第55話 ジャンプ・ジャンプ・ジャンプ

「ええと・・何て言うか、申し訳無いね」


 ケイナ達が戸惑い顔で礼を言っている。

 孤島の東海岸近くにある切り立った岩山の上で無事合流したところだった。樹々の無い禿山で、周囲をぐるりと見渡せる高さがある。山頂部は2、3パーティが野営できる程度の広さしか無い。麓から山頂部を攻撃するとなると、18階層辺りに居る迷宮人では、魔法は届かず、狙撃するには射程が2キロ近い銃が必要で、おまけに優れた技量が必要となる。陣地を築くには良い立地だった。


「宝珠を1人に2つずつ渡す。各自の責任で保管してくれ」


「分かった。感謝するよ」


 ケイナ達メンバー全員が頭を下げた。


「その・・そちらは、"ネームド"は大丈夫かい? こんなに貰ってしまって」


「問題無い」


 シュンは小さく笑った。

 足元でユアとユナが背中合わせに座って鼻歌を吟じて寛いでいた。


「・・本当らしいね。

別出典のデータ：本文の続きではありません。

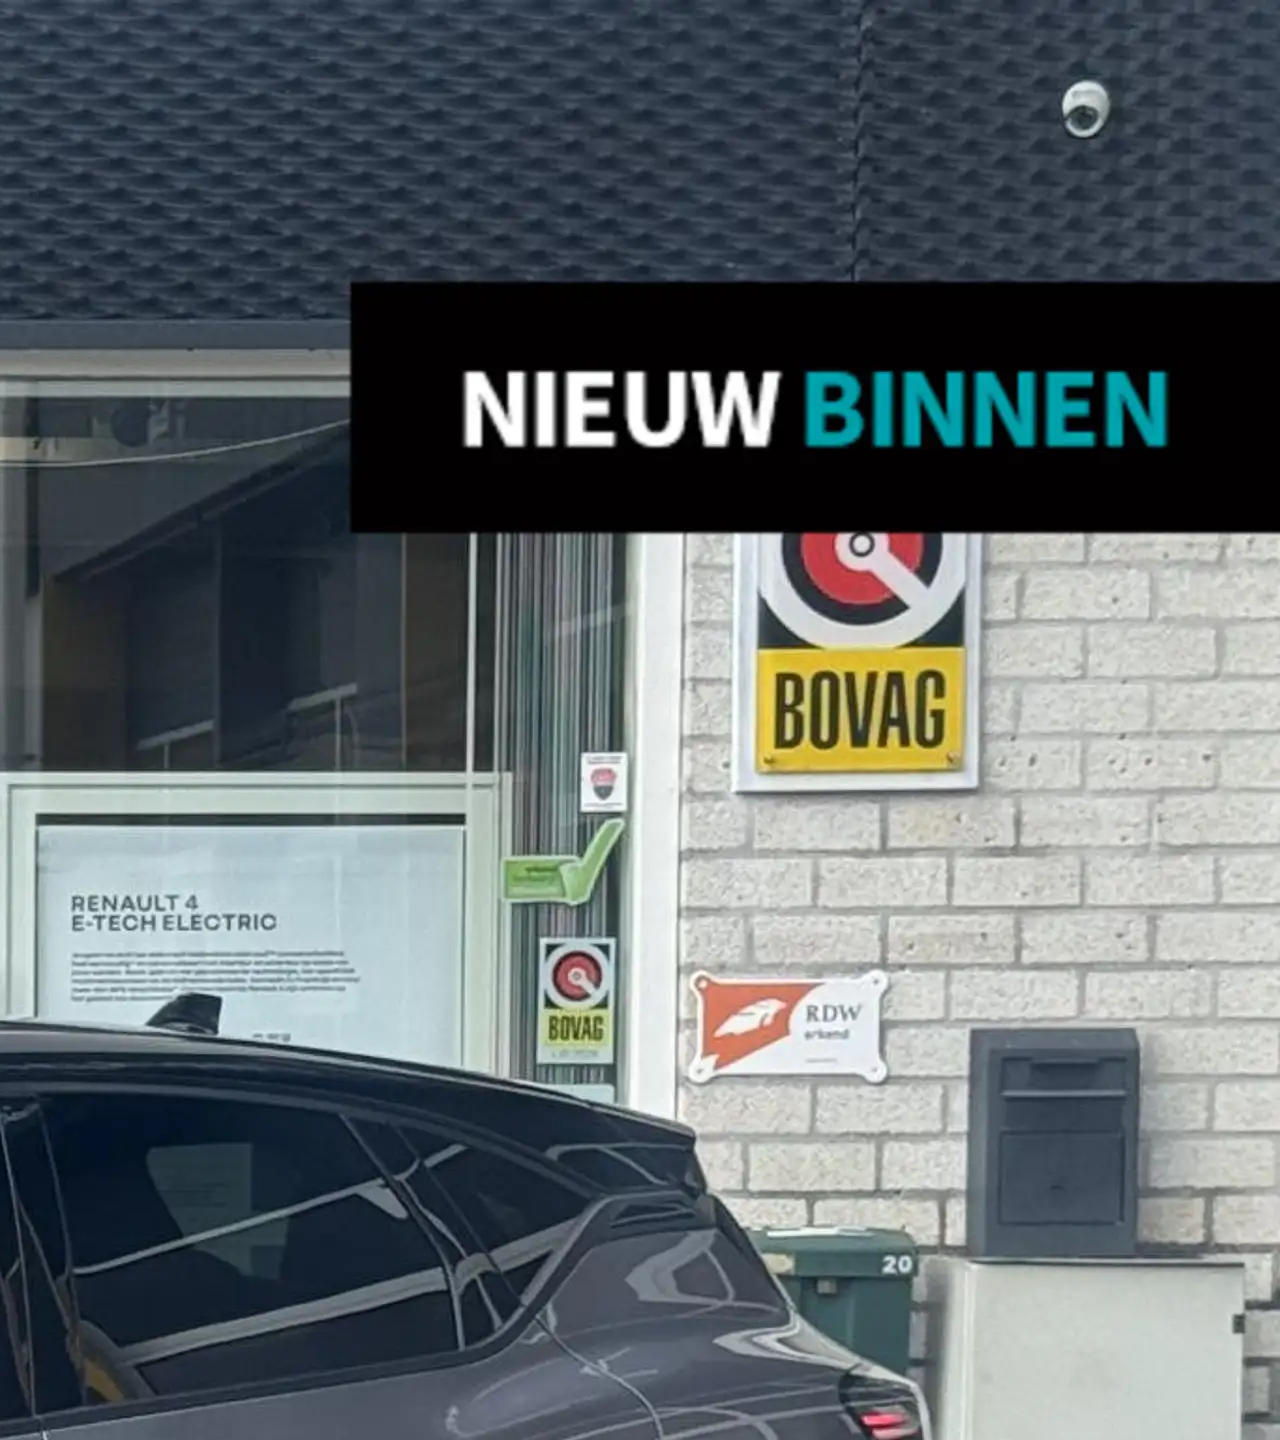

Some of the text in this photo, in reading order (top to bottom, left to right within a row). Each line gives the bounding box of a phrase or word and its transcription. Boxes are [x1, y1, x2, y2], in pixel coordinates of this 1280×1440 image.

[774, 669, 946, 750] BOVAG
[71, 894, 199, 912] RENAULT 4
[71, 913, 278, 932] E-TECH ELECTRIC
[806, 1003, 862, 1022] RDW
[548, 1015, 604, 1041] BOVAG
[882, 1255, 912, 1274] 20

まあ、君のパーティだと、これくらいは当然なのかな」


 ケイナが苦笑する。


 実際、ケイナ達と合流するまでに4度の戦闘があり、"ネームド"合計で418個を所持している。ユアとユナが99個ずつ。シュンは220個を持っていた。


 シュンは"霧隠れ"をかけ直しながら、周囲へ視線を巡らせた。


「ひんやり」


「気持ち良い」


 双子が眼を細めて呟く。


「それは、どういう効果なのですか?」


 サブリーダーのミリアムがパンを炙りながら訊いて来た。料理人のミリアムは食事を準備してくれている。


「敵の認識を阻害する。視覚、聴覚、嗅覚に関係無く、こちらの正確な位置を分からなくする魔法だ。狙撃を回避するには有効だけど・・まあ、魔狼が居れば、だいたいの位置は突き止められるけどな」


 説明しつつ、シュンはケイナのパーティメンバーの男に少し後ろへさがるように言った。

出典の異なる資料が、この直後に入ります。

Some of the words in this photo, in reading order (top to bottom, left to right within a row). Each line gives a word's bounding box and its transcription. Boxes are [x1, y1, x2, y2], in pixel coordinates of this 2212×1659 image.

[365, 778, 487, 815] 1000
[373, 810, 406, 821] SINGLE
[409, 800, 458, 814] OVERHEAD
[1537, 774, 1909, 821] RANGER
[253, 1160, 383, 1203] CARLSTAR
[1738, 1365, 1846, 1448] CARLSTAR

 言われた通りに男が後退る。その頭上を銃弾が掠めて抜けた。


「ぎりぎり弾が当たる位置に頭が出ている。立って居たいなら下がった方が良い」


 こちらは岩山の上に陣取っている。下からの狙撃はよほど不注意に動かなければ当たらない。


「す、すまん・・助かった」


 男が慌てて屈んだ。


「うちらは、ここに陣地を構築するよ。動き回るより、そういう工作の方が得意だからね」


 ケイナが言った。


「曲射で狙う武器もあるぞ?」


「うん、グレネードとかね。でも、そのくらいなら問題無い。完全に防ぐのは難しくても、命を落とさない程度に攻撃を防いで、迷宮人を登って来させない程度ならやれる」


 ケイナの言葉に、"ガジェット・マイスター"のメンバー全員が笑顔で頷いていた。どうやら自信がありそうだ。


「迷宮人には腕の良い狙撃手がいる。不用意に射線に体を晒すと危ない」


「うん、気を付けるよ。それより、君達は・・"ネームド"はどうするんだい?」


「この島は中央がくびれて・・瓢箪だったか? そういう形になっているみたいだ。他に異邦人のパーティを見かけないようだし、俺達は迷宮人が多く居る側に転移させられたんだと思う」


「なるほど・・確かに、周りは迷宮人ばっかりで、こっち側のパーティは・・1つしか居なかったね」


「迷宮人は普通の魔物と違って、狡く頭を使った行動をしてくるし、対人戦の経験を積むには丁度良い」


「練度上げデスネ?」


「ワカリマス~」


 双子がぼそりと呟いた。


「出来ました」


 ミリアムに呼ばれて、双子が物凄い速さでダッシュする。


「ふおぉぉぉーーー」


「ひょえぇぇーーー」


 歓喜の声を響かせつつ、


「ボス、食事です!」


「ボス、ランチです!」


 双子が催促の声をあげる。


「火が使えたので、少し工夫しました」


 ミリアムが"ネームド"全員にお盆に載せた料理を出した。炙ったパンに焼いた挽肉と香草を挟んだ物、温かい野菜のスープ、3種類の果物と果実水が並べられている。


「これは・・豪華だな」


 シュンは素直に感心しながらお盆を受け取った。


「・・美味い」


 思わず声が漏れるくらい味が良かった。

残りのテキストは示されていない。